The witness said he made a transfer from the company’s account to Mr Deji’s personal account with Diamond bank to the tune of N592,000; another N615,000 was transferred to his account in 2016.
“Sometime in late 2015 when the defendant took charge of NEMA’s Maintenance Department, I made a transfer from the company’s account, Rekinat Global Resources Limited, domiciled in FCMB to Deji’s personal account with Diamond bank to the tune of N592,000; another N615,000 was transferred to his account in 2016.”
He added that yet another N500,000 was transferred to the defendant’s account around May 2016 “and another N617,000 towards the end of 2016.”
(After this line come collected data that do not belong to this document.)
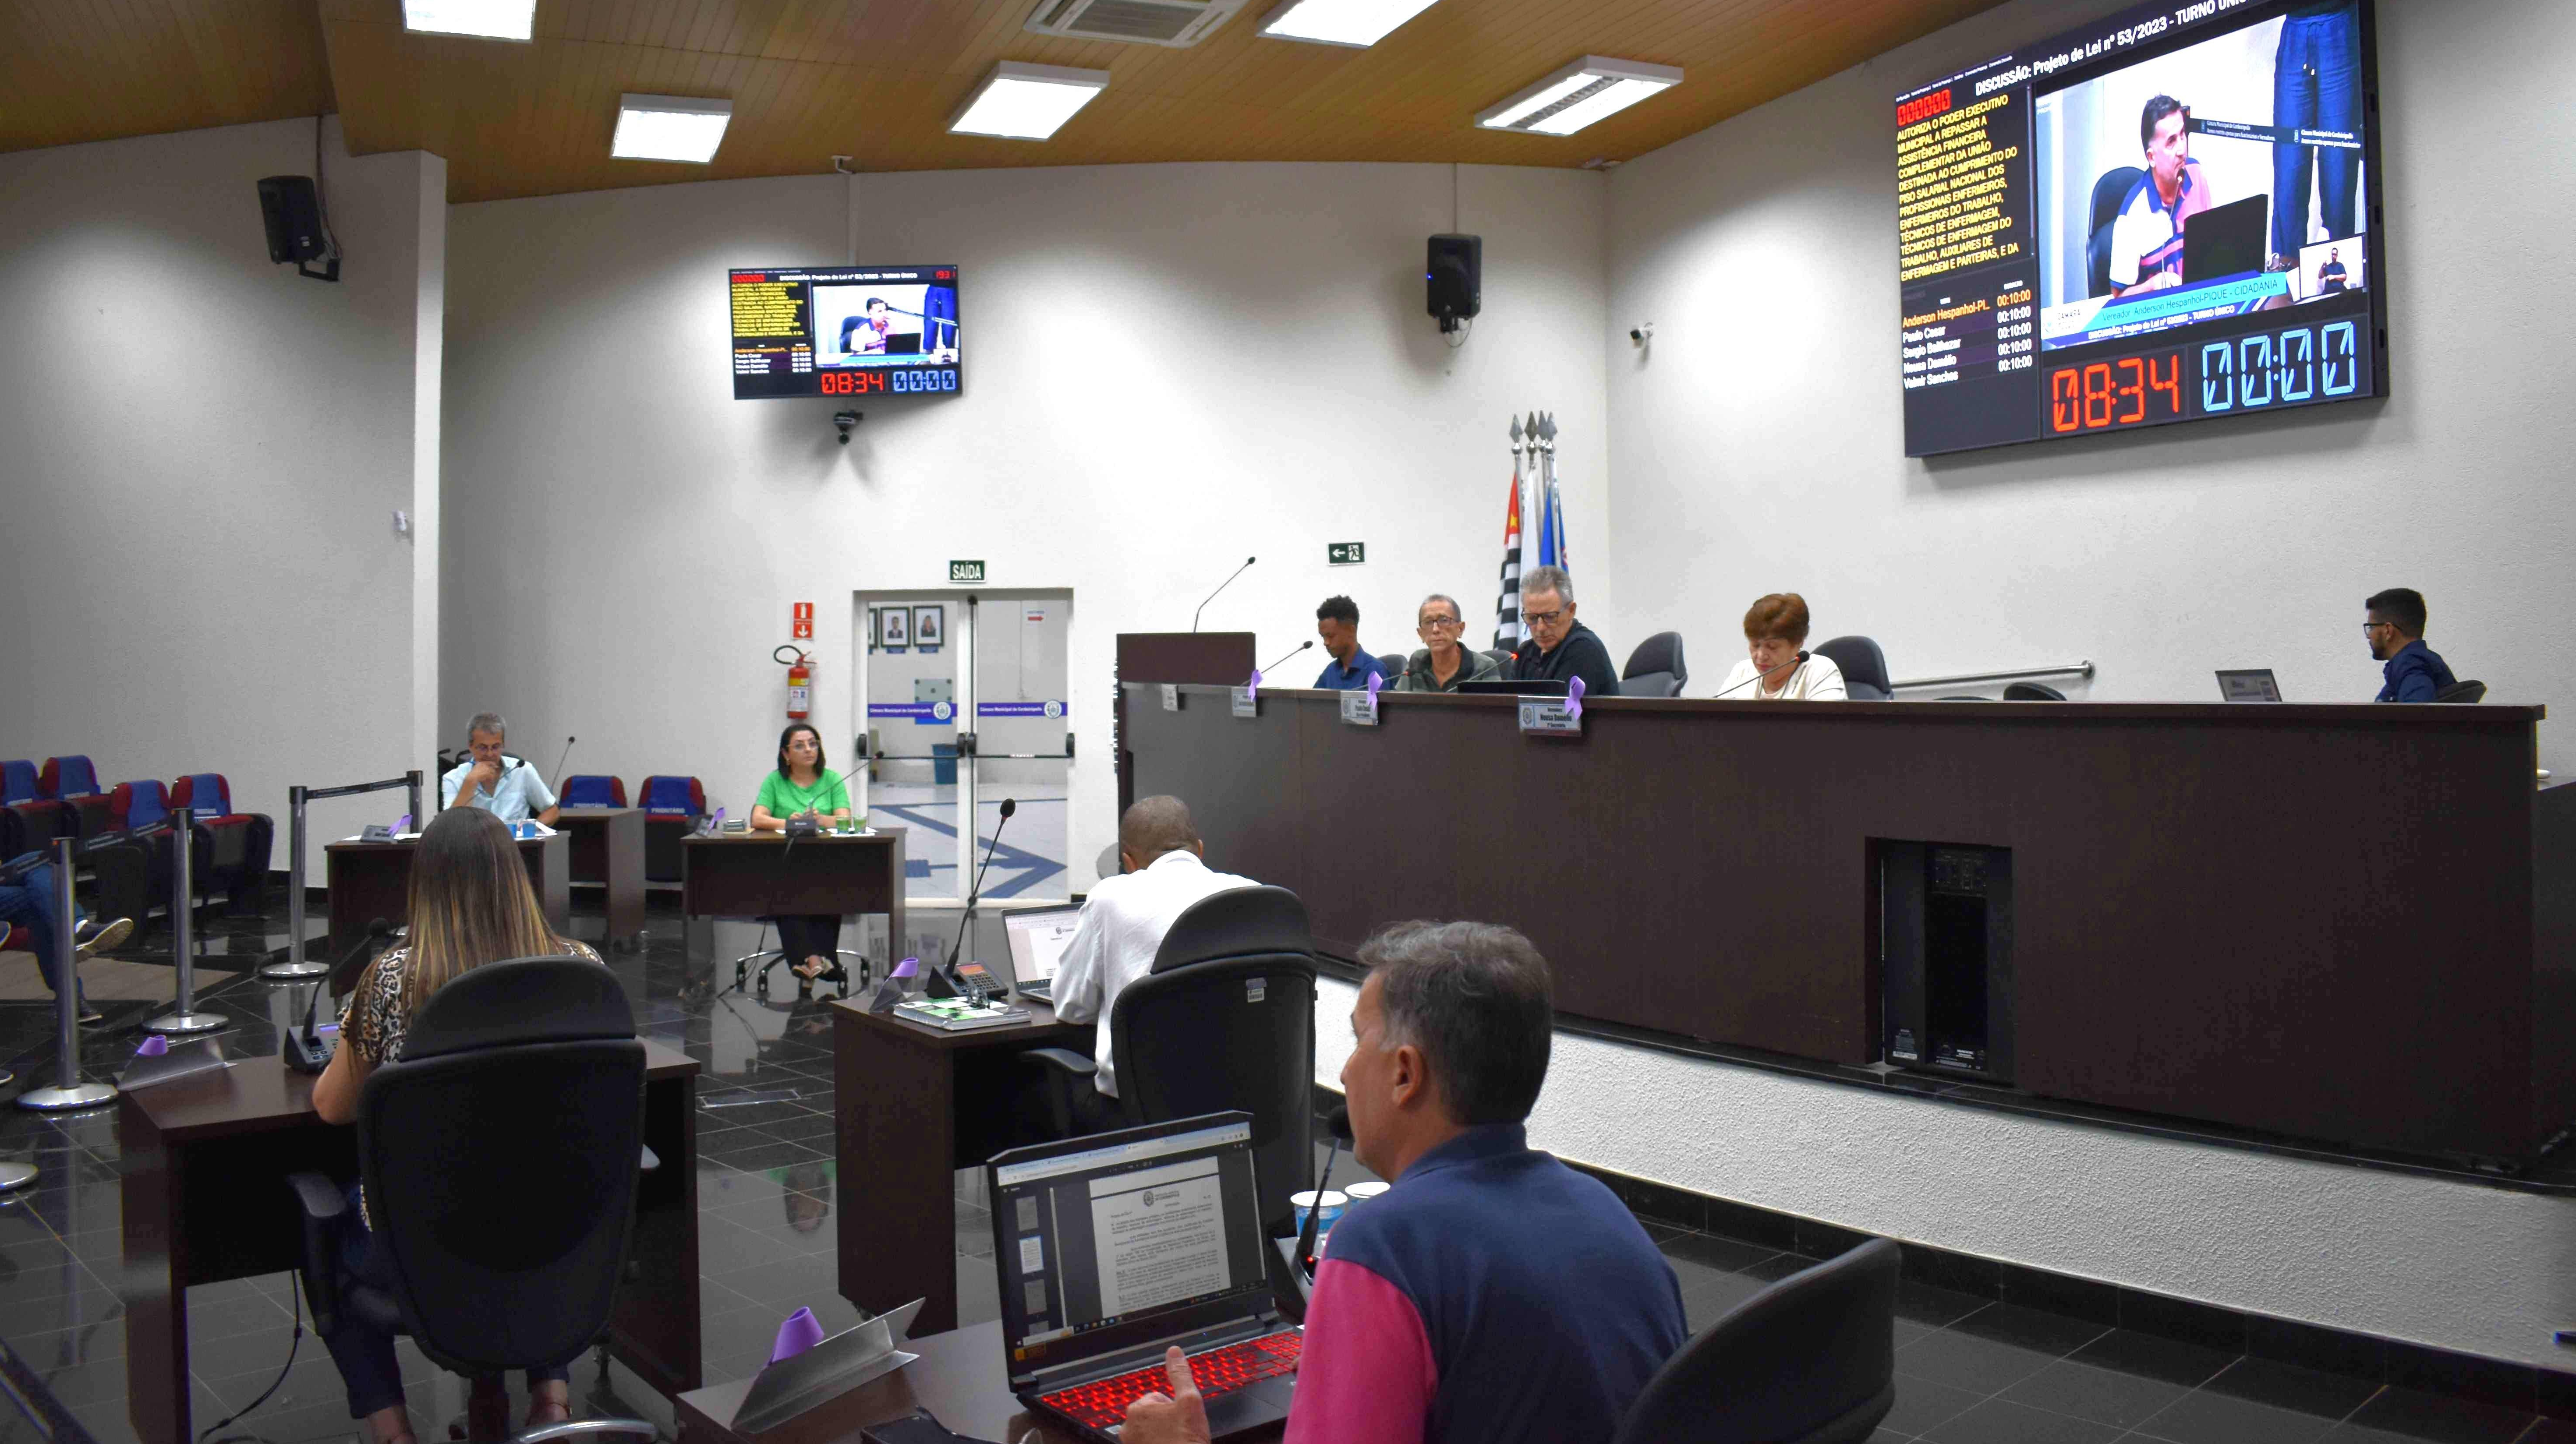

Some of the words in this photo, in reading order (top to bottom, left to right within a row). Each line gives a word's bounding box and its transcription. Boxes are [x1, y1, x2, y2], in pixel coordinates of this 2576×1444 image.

[1976, 66, 2031, 95] DISCUSSÃO:
[2034, 54, 2069, 75] Projeto
[2071, 48, 2084, 62] de
[2086, 39, 2101, 57] Lei
[2104, 35, 2115, 50] nº
[2117, 16, 2167, 45] 53/2023
[2176, 0, 2215, 25] TURNO
[1897, 122, 1931, 141] AUTORIZA
[1932, 119, 1938, 129] O
[1939, 109, 1964, 126] PODER
[1966, 95, 2008, 117] EXECUTIVO
[1898, 134, 1934, 153] MUNICIPAL
[1935, 131, 1940, 141] A
[1942, 118, 1980, 139] REPASSAR
[1981, 116, 1987, 126] A
[1898, 153, 1955, 179] COMPLEMENTAR
[1956, 149, 1967, 161] DA
[1968, 141, 1991, 156] UNIÃO
[1943, 130, 1986, 152] FINANCEIRA
[1899, 172, 1937, 192] DESTINADA
[1938, 168, 1949, 180] AO
[1950, 151, 2003, 176] CUMPRIMENTO
[2005, 147, 2017, 159] DO
[1899, 191, 1915, 204] PISO
[1917, 181, 1949, 199] SALARIAL
[1950, 170, 1986, 189] NACIONAL
[1988, 164, 2004, 177] DOS
[1900, 194, 1951, 217] PROFISSIONAIS
[1953, 177, 2007, 201] ENFERMEIROS,
[1900, 208, 1949, 230] ENFERMEIROS
[1950, 204, 1961, 215] DO
[1962, 192, 2003, 212] TRABALHO,
[1900, 225, 1935, 242] TÉCNICOS
[1936, 221, 1946, 233] DE
[1947, 207, 2000, 230] ENFERMAGEM,
[1900, 238, 1935, 255] TÉCNICOS
[1936, 234, 1946, 246] DE
[1948, 220, 1998, 243] ENFERMAGEM
[2000, 217, 2011, 229] DO
[1901, 251, 1939, 268] TRABALHO,
[1940, 239, 1981, 258] AUXILIARES
[1982, 235, 1993, 247] DE
[1901, 260, 1949, 281] ENFERMAGEM
[1950, 258, 1955, 269] E
[1957, 248, 1999, 267] PARTEIRAS,
[2001, 245, 2006, 256] E
[2007, 243, 2018, 254] DA
[1903, 313, 1936, 328] Anderson
[1997, 290, 2030, 307] 00:10:00
[2103, 308, 2130, 321] Vereador
[2134, 302, 2164, 315] Anderson
[2166, 289, 2227, 310] Hespanhol-PIQUE
[2234, 279, 2278, 297] CIDADANIA
[1903, 330, 1923, 343] Paulo
[1997, 306, 2031, 323] 00:10:00
[1998, 322, 2031, 339] 00:10:00
[1998, 339, 2031, 355] 00:10:00
[1999, 355, 2032, 372] 00:10:00
[821, 372, 883, 393] 08:34
[893, 370, 956, 392] 00:00
[2052, 355, 2179, 432] 08:34
[2202, 321, 2355, 411] 00:00
[952, 561, 981, 579] SAÍDA
Mr Bala, who has been a contractor supplying 11,000 liters of diesel to NEMA since 2011, informed the court that the money transfers to the defendant were in appreciation of the staff of the agency who work with the defendant.
“I sent it (money) to him as a thank you to his staff, to take care of his staff in the office,” the witness said.
During cross-examination by the defence counsel, Oluranti Oluwole, the witness told the court that Peter Osema, a junior worker “in charge of the generator was sick and paralysed”.
The witness said NEMA had made an appeal to staff and contractors to assist in taking care of his (Osema) medical bills.
He said the monies paid into the defendant’s account were to help Mr Osema.
He further disclosed that the defendant personally notified him of the condition of the sick staffer “and made a financial appeal to him on his behalf.”
Explaining the role of the defendant as the staffer in charge of the agency’s generators, the witness said “the defendant sends in a request for the supply of diesel which then goes to agency’s Store and Audit Departments”.
According to him, when the diesel is supplied, “it would be received by the Audit and Store Departments which will verify the quantity and quality of the product supplied before it will be handed over to defendant’s Maintenance Department”.
The matter was adjourned to November 6, for the continuation of trial.